● **Activity**
Although the entries contain pictures, only their words should be duplicated exactly.
======== The data ========
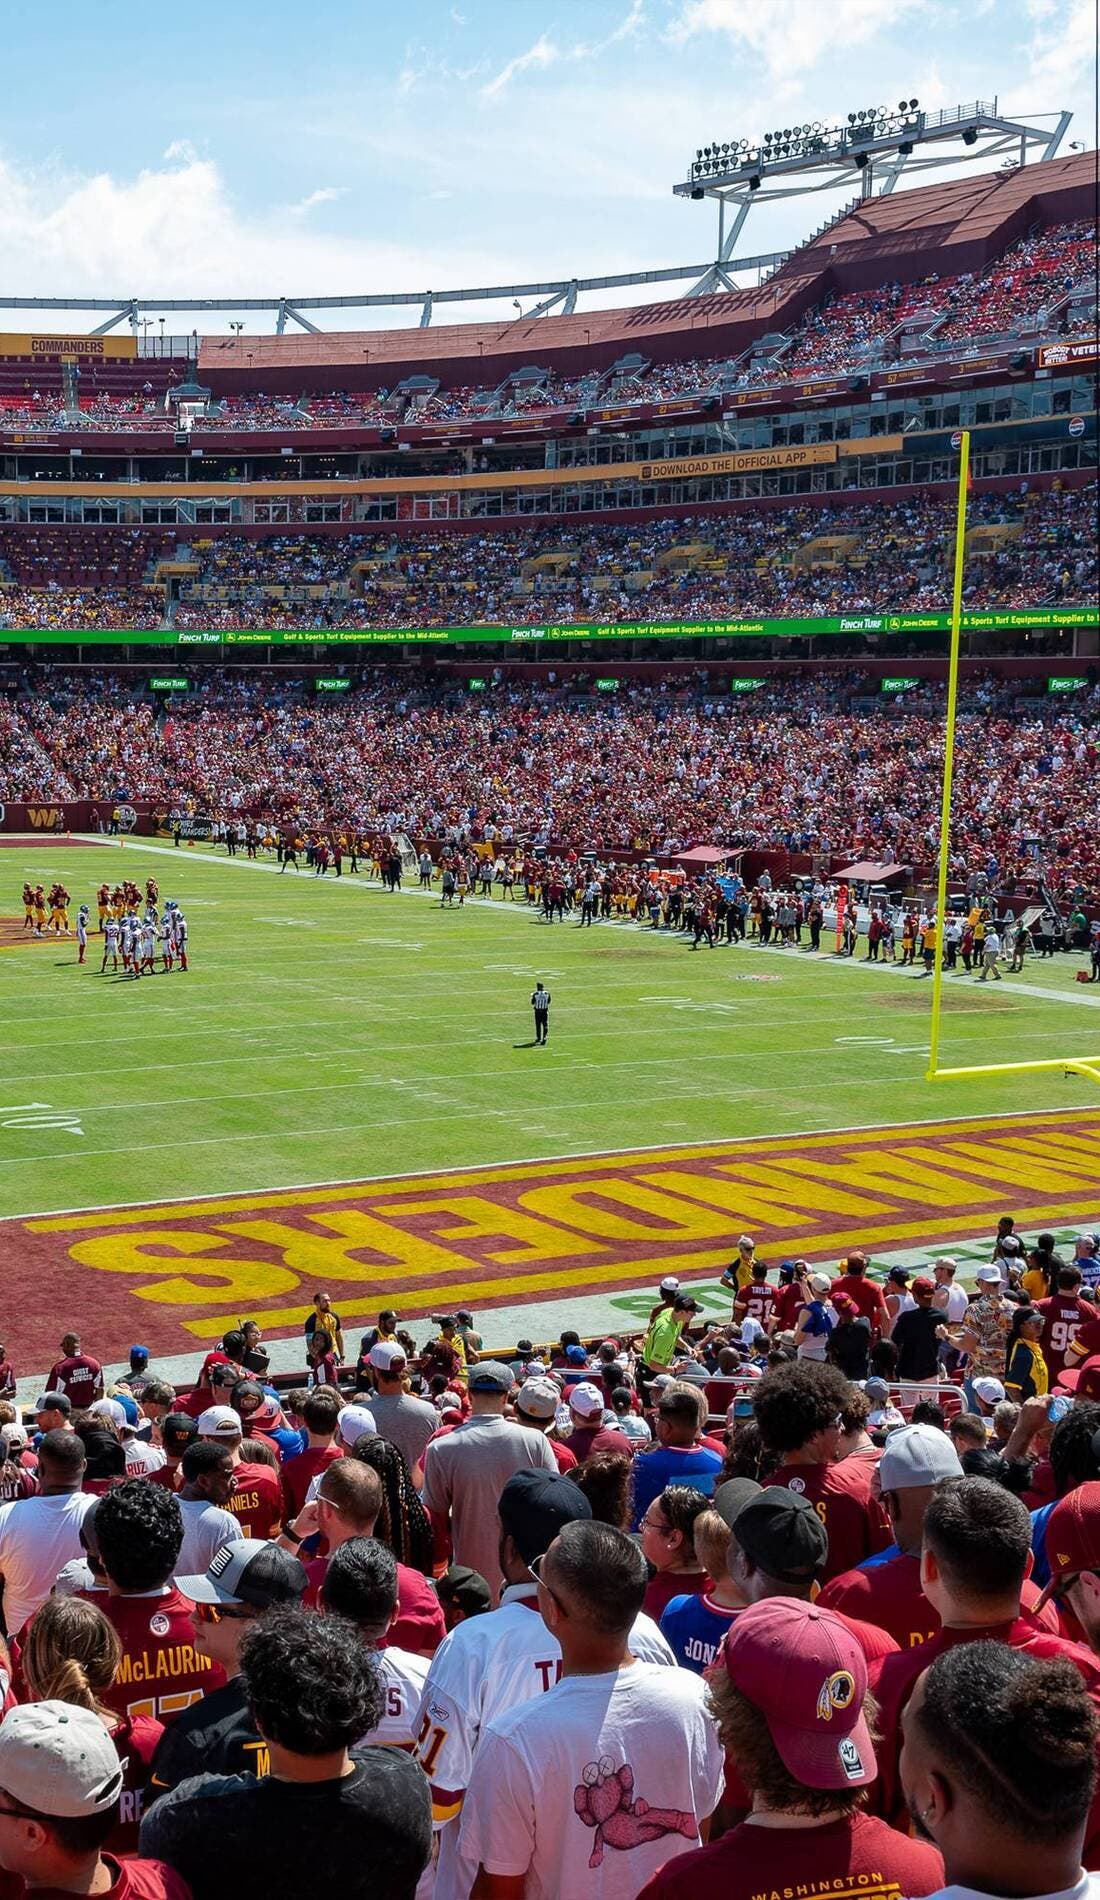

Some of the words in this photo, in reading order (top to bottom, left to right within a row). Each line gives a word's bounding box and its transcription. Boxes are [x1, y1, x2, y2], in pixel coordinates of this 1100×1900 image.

[31, 340, 104, 353] COMMANDERS
[653, 463, 709, 476] DOWNLOAD
[711, 459, 731, 471] THE
[737, 456, 782, 469] OFFICIAL
[785, 451, 807, 463] APP
[840, 619, 863, 629] FINCH
[864, 618, 882, 628] TURF
[918, 619, 938, 627] DEERE
[971, 617, 992, 626] Sports
[995, 616, 1009, 624] Turf
[1011, 615, 1050, 625] Equipment
[1053, 614, 1084, 624] Supplier
[597, 627, 610, 635] Golf
[617, 627, 636, 635] Sports
[637, 626, 648, 634] Turf
[650, 626, 680, 634] Equipment
[681, 625, 705, 634] Supplier
[178, 633, 202, 641] FINCH
[203, 633, 220, 641] TURF
[305, 633, 324, 641] Sports
[340, 633, 372, 641] Equipment
[373, 633, 397, 641] Supplier
[216, 1491, 260, 1512] ANIELS
[684, 1637, 717, 1666] JON
[115, 1645, 213, 1685] McLAURIN
[752, 1872, 883, 1900] WASHINGTON
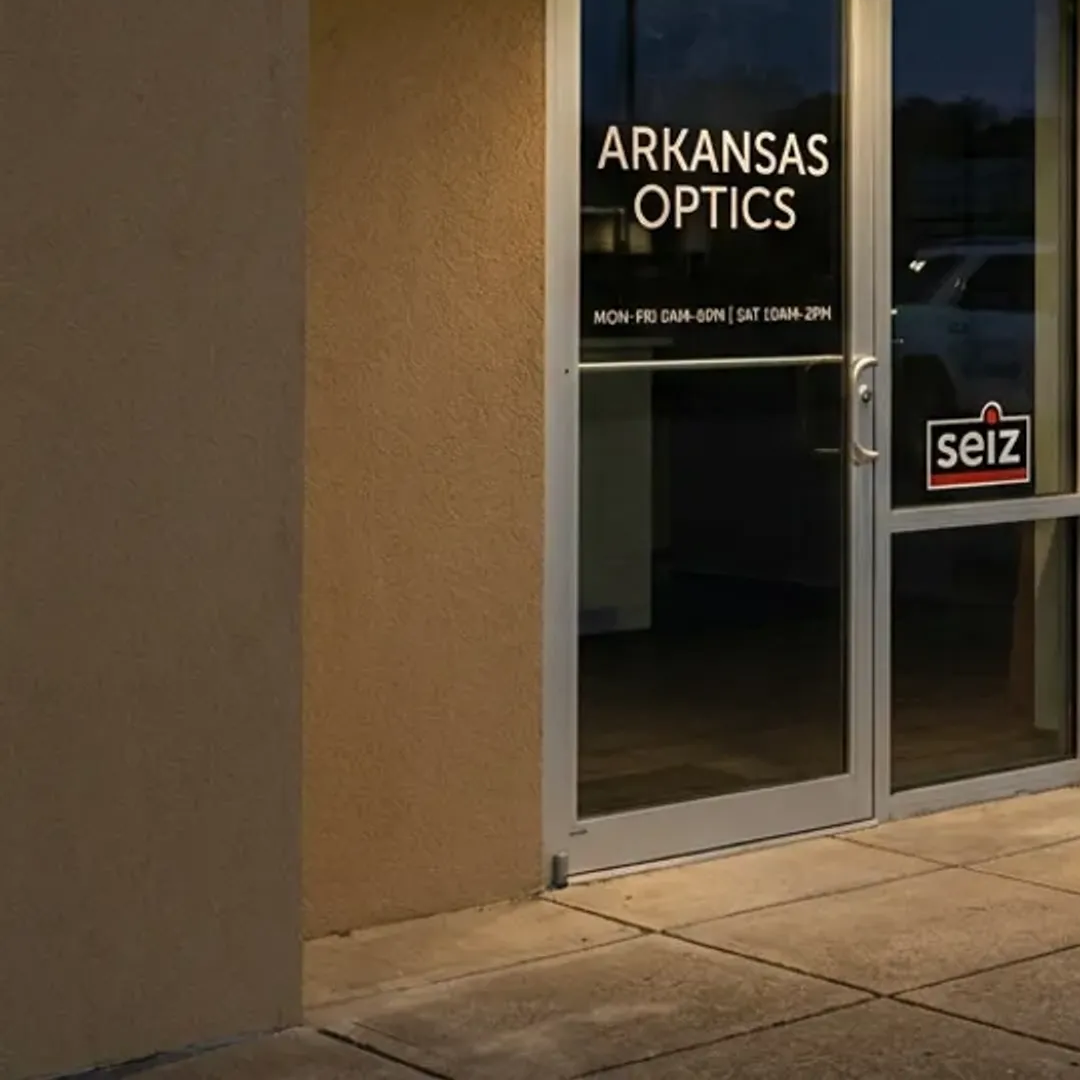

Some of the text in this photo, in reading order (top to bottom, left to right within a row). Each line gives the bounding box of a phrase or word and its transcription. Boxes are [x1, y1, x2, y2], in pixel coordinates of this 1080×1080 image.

[597, 125, 829, 177] ARKANSAS
[634, 184, 797, 231] OPTICS
[736, 307, 760, 324] SAT
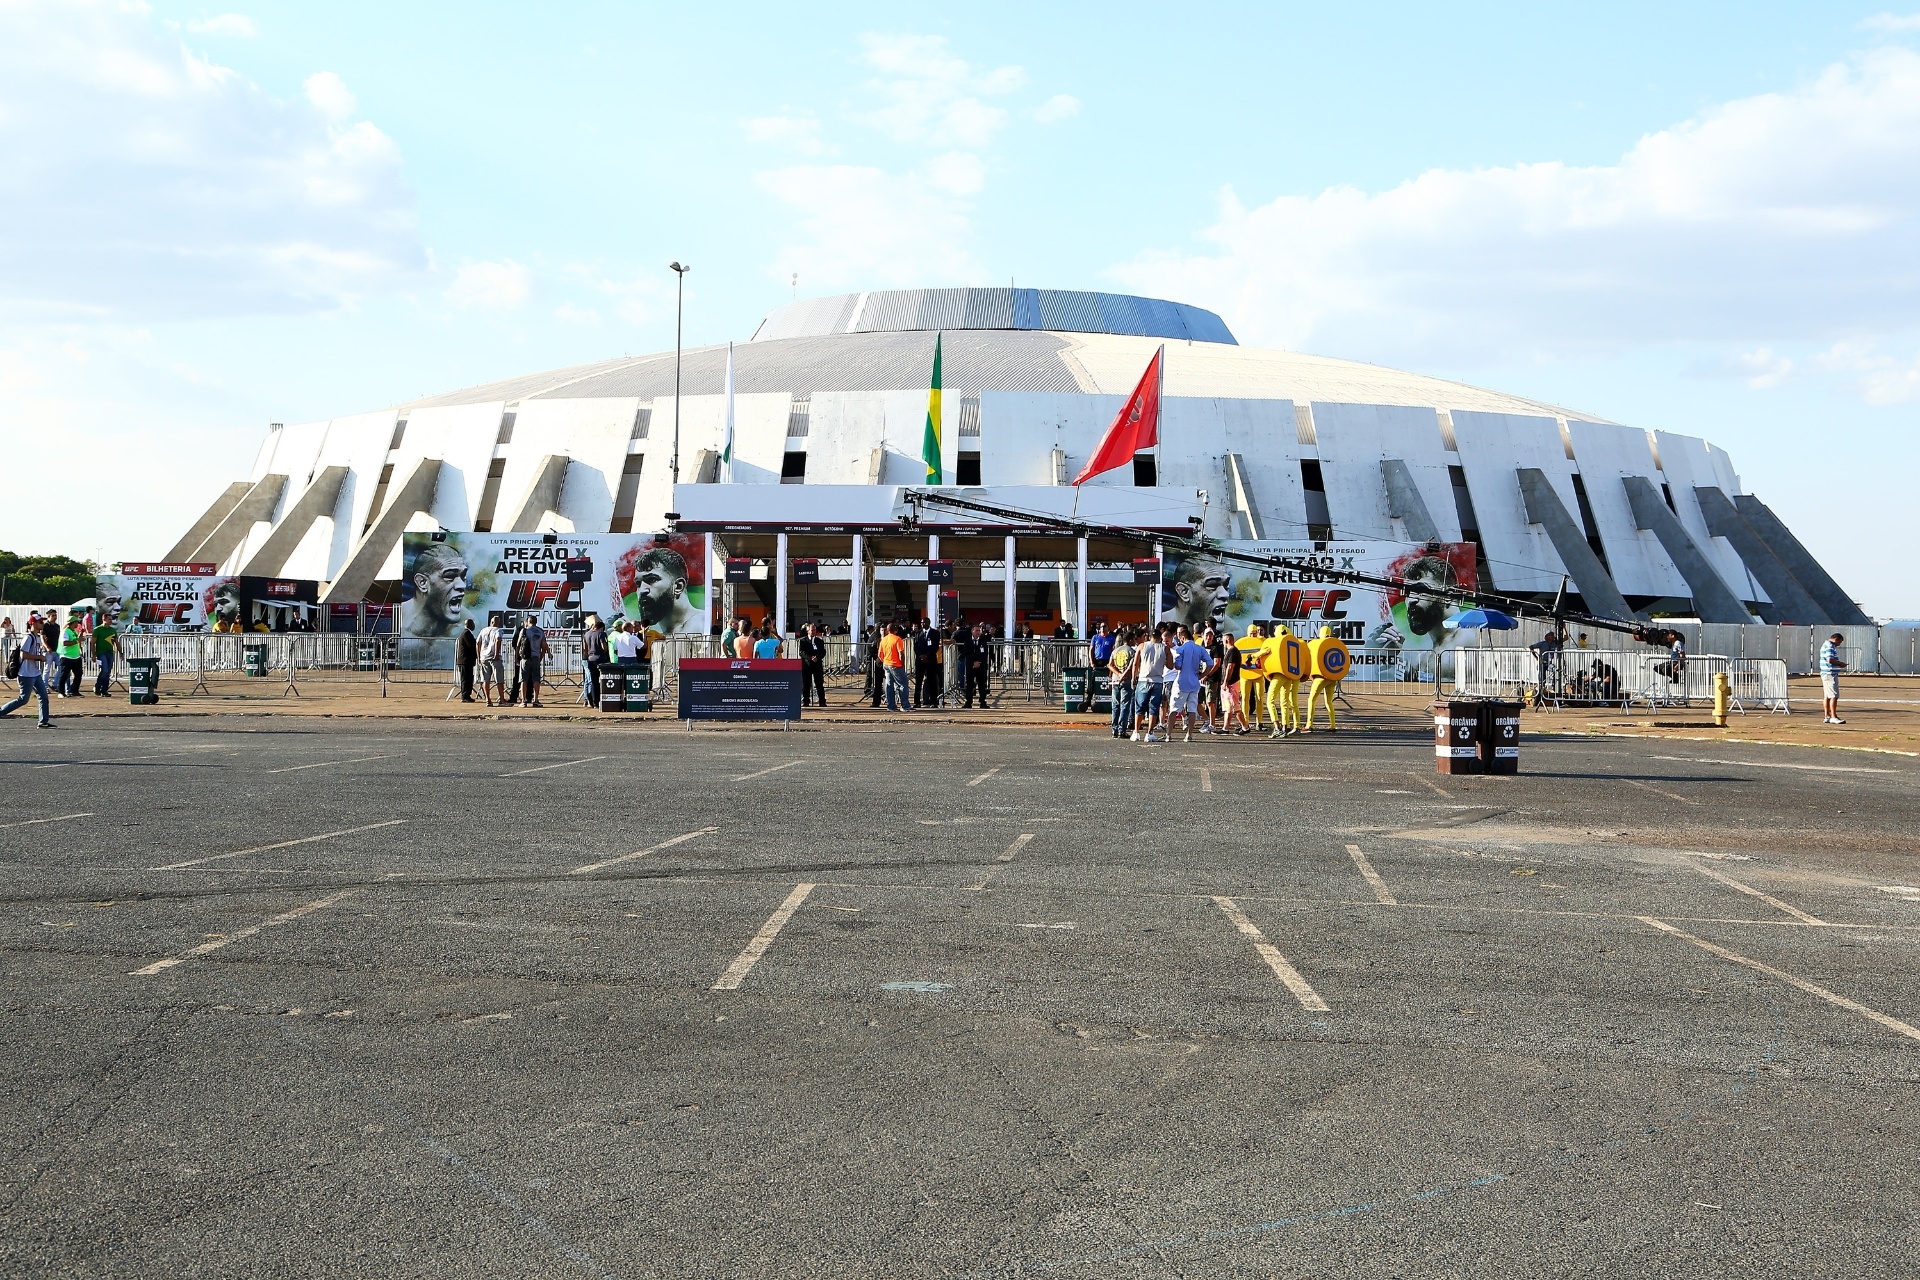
========
● **Solution to this problem**
Some of the words in this photo, in reading order (top to bottom, left to right within a row). Each line gives a word's bounding box and its transcription. Boxes are [x1, y1, x2, y2], in pixel coordinates of this 1100×1900 image.

[31, 340, 104, 353] COMMANDERS
[653, 463, 709, 476] DOWNLOAD
[711, 459, 731, 471] THE
[737, 456, 782, 469] OFFICIAL
[785, 451, 807, 463] APP
[840, 619, 863, 629] FINCH
[864, 618, 882, 628] TURF
[918, 619, 938, 627] DEERE
[971, 617, 992, 626] Sports
[995, 616, 1009, 624] Turf
[1011, 615, 1050, 625] Equipment
[1053, 614, 1084, 624] Supplier
[597, 627, 610, 635] Golf
[617, 627, 636, 635] Sports
[637, 626, 648, 634] Turf
[650, 626, 680, 634] Equipment
[681, 625, 705, 634] Supplier
[178, 633, 202, 641] FINCH
[203, 633, 220, 641] TURF
[305, 633, 324, 641] Sports
[340, 633, 372, 641] Equipment
[373, 633, 397, 641] Supplier
[216, 1491, 260, 1512] ANIELS
[684, 1637, 717, 1666] JON
[115, 1645, 213, 1685] McLAURIN
[752, 1872, 883, 1900] WASHINGTON

Some of the text in this photo, in reading order (top to bottom, left to right within a row). Each line gives the bounding box of a phrase or word and its transcription. Boxes are [x1, y1, x2, y2], in pixel coordinates of this 1080×1080 image.

[597, 125, 829, 177] ARKANSAS
[634, 184, 797, 231] OPTICS
[736, 307, 760, 324] SAT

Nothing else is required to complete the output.